Your answer must restate each entry below word for word, with no pictures in it.

(DATA RECORDS)

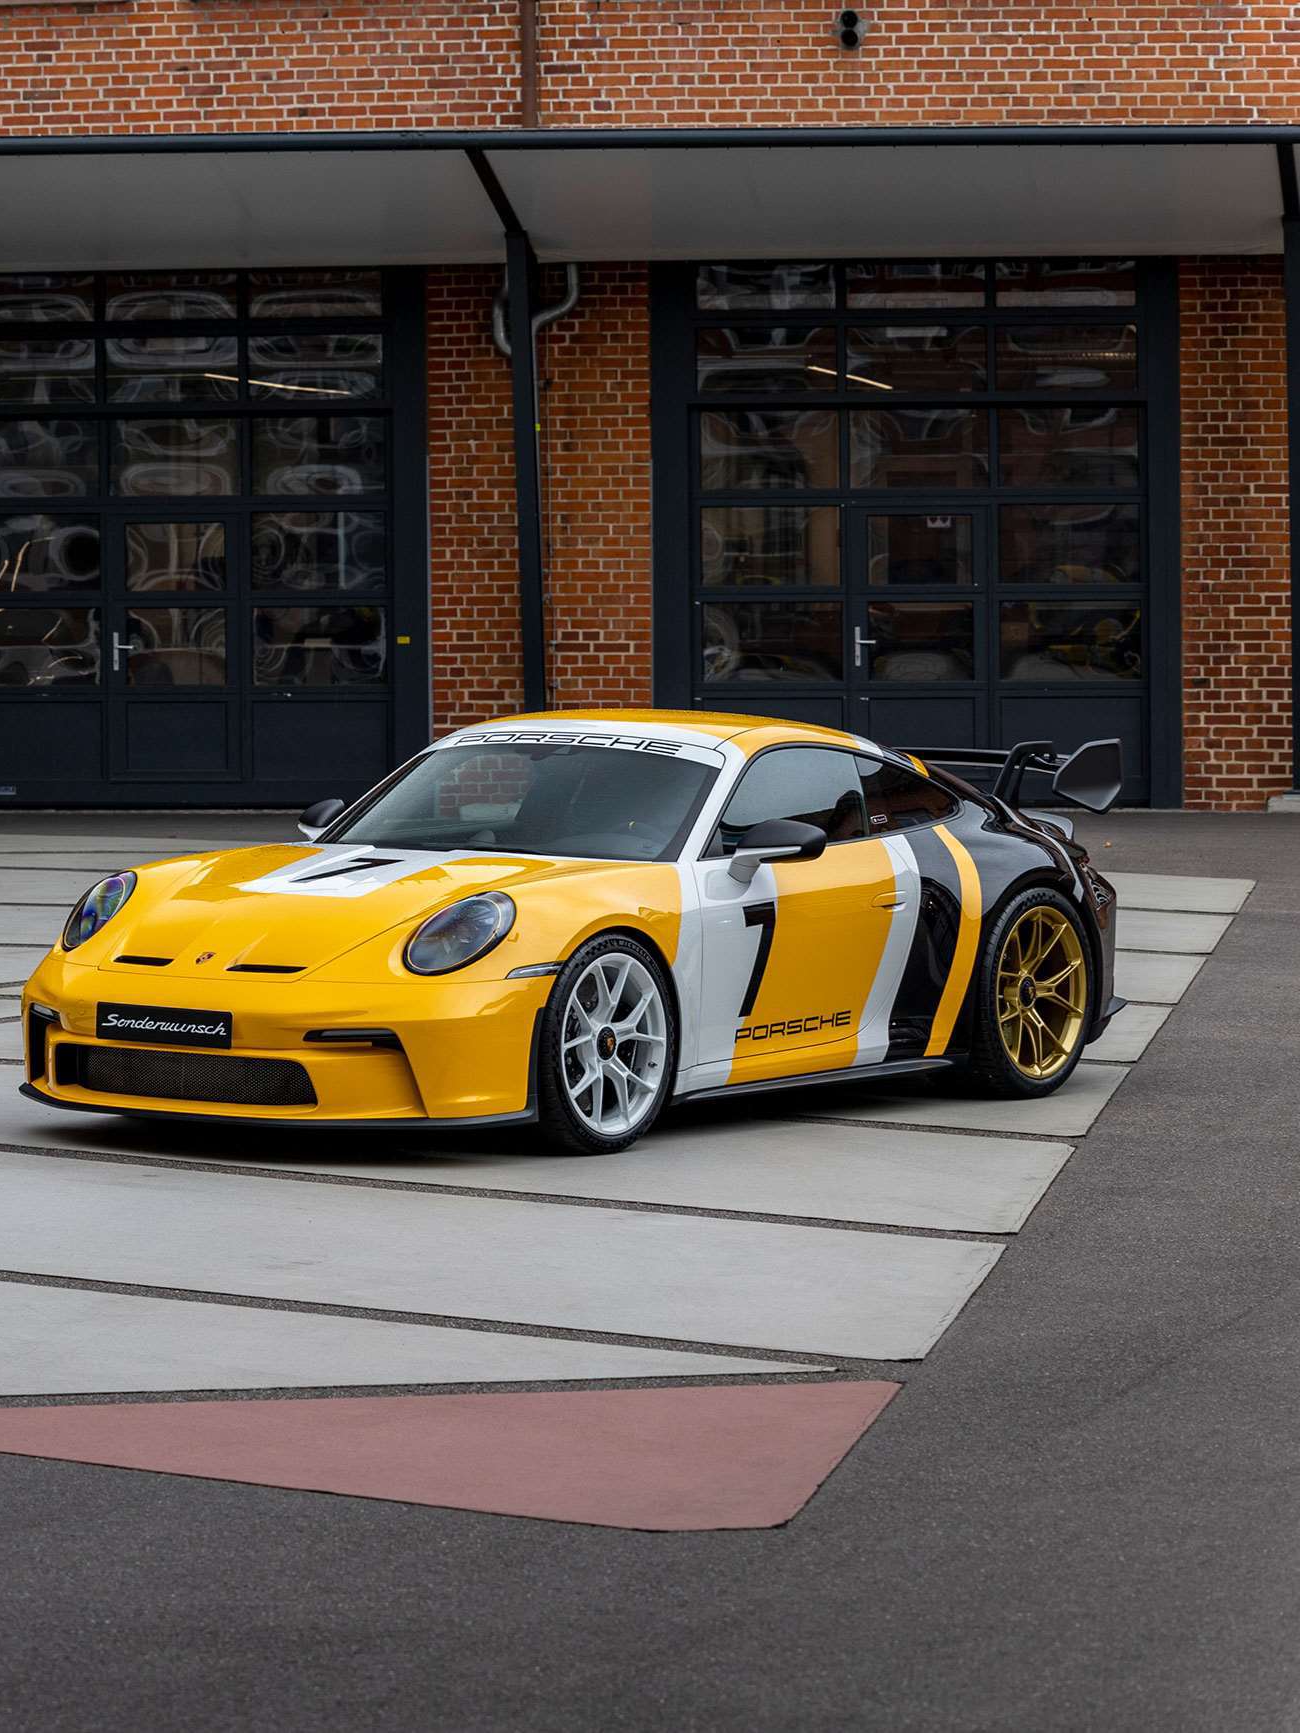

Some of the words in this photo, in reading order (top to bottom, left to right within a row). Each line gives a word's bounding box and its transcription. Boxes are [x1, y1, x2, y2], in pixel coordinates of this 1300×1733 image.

[457, 733, 683, 755] PORSCHE
[289, 858, 404, 883] 7
[738, 901, 776, 1018] 7
[102, 1014, 227, 1036] Sonderwunsch
[735, 1010, 852, 1043] PORSCHE

(End DATA RECORDS)

EXERCISE SOLUTION:
Some of the words in this photo, in reading order (top to bottom, left to right within a row). Each line gives a word's bounding box and its transcription. Boxes are [x1, y1, x2, y2], in pixel coordinates of this 1300×1733 image.

[457, 733, 683, 755] PORSCHE
[289, 858, 404, 883] 7
[738, 901, 776, 1018] 7
[102, 1014, 227, 1036] Sonderwunsch
[735, 1010, 852, 1043] PORSCHE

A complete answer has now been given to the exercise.